▶ [Exercise goal]:
Your answer must repeat all of the entries word for word, without any images.

▶ [Information supplied]:
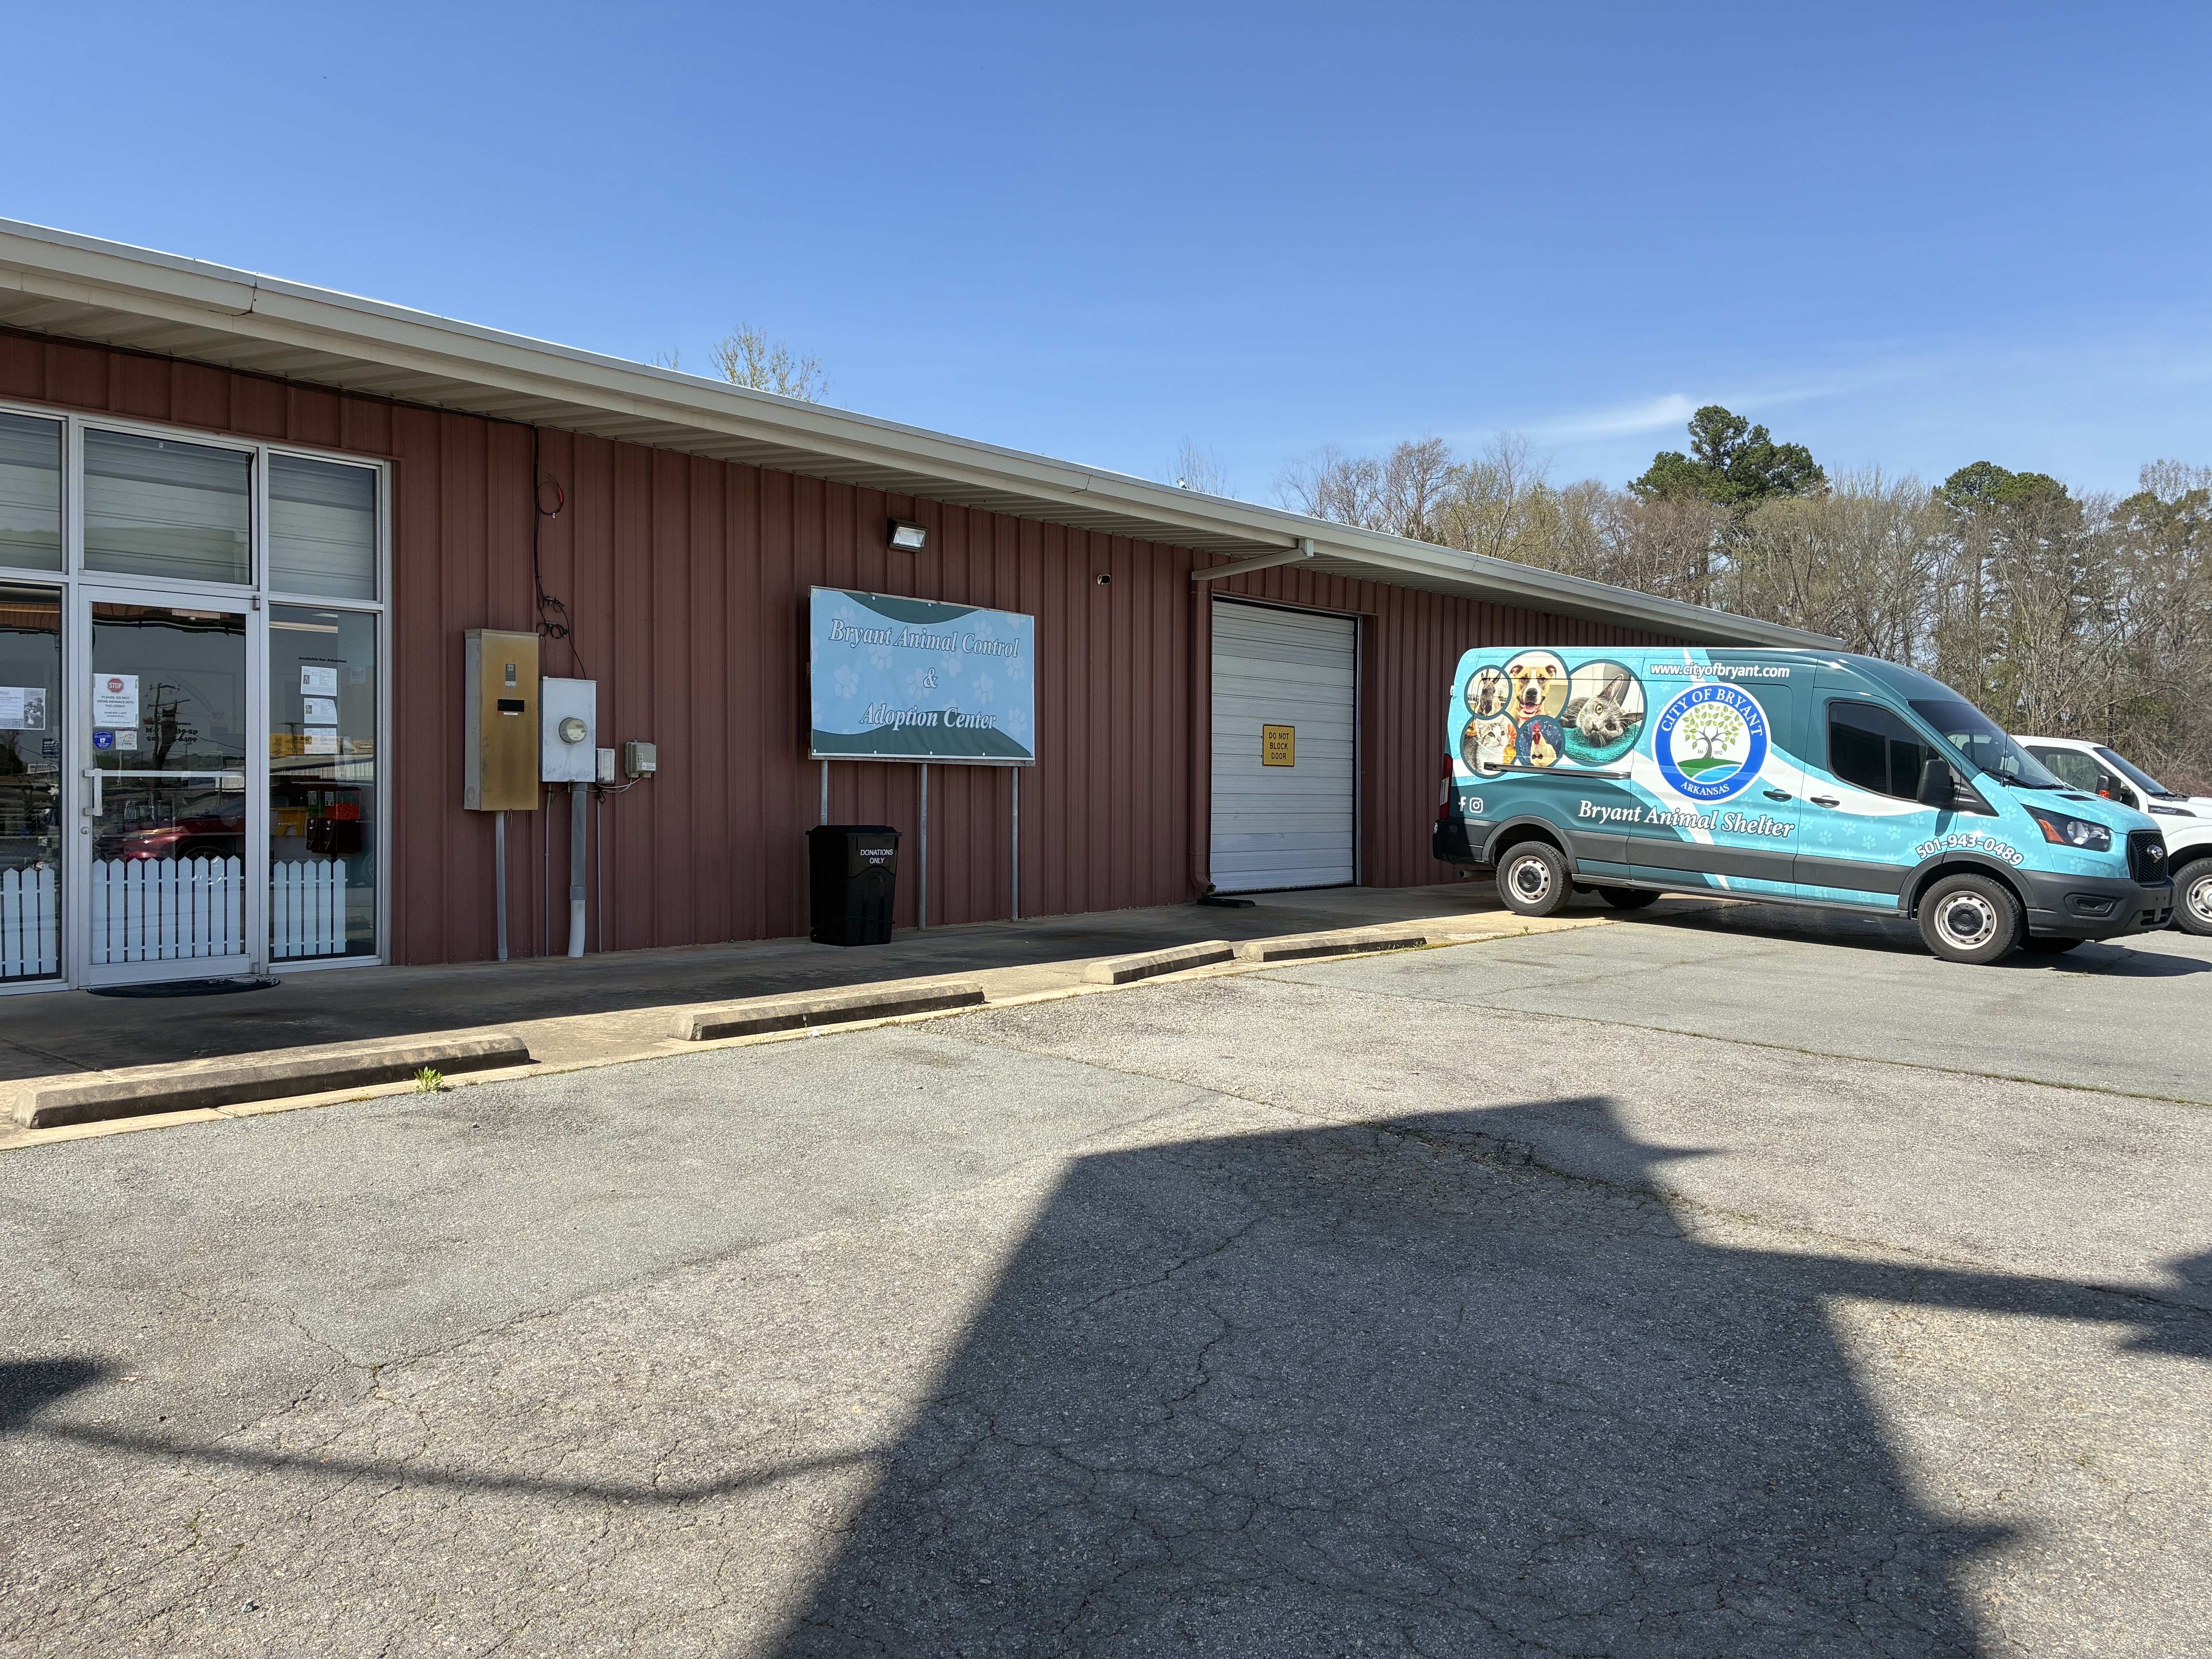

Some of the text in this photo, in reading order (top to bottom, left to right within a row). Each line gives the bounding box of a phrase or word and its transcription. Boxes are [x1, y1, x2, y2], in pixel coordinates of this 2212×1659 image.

[829, 619, 1019, 658] Bryant Animal Control
[923, 667, 938, 689] &
[1650, 662, 1790, 679] www.cityofbryant.com
[859, 702, 996, 731] Adoption Center
[1661, 689, 1763, 736] CITY OF BRYANT
[1680, 781, 1730, 795] ARKANSAS
[1578, 800, 1795, 839] Bryant Animal Shelter
[1915, 833, 2024, 866] 501-943-0489

▶ [Answer area]:
Some of the text in this photo, in reading order (top to bottom, left to right within a row). Each line gives the bounding box of a phrase or word and its transcription. Boxes are [x1, y1, x2, y2], in pixel coordinates of this 2212×1659 image.

[829, 619, 1019, 658] Bryant Animal Control
[923, 667, 938, 689] &
[1650, 662, 1790, 679] www.cityofbryant.com
[859, 702, 996, 731] Adoption Center
[1661, 689, 1763, 736] CITY OF BRYANT
[1680, 781, 1730, 795] ARKANSAS
[1578, 800, 1795, 839] Bryant Animal Shelter
[1915, 833, 2024, 866] 501-943-0489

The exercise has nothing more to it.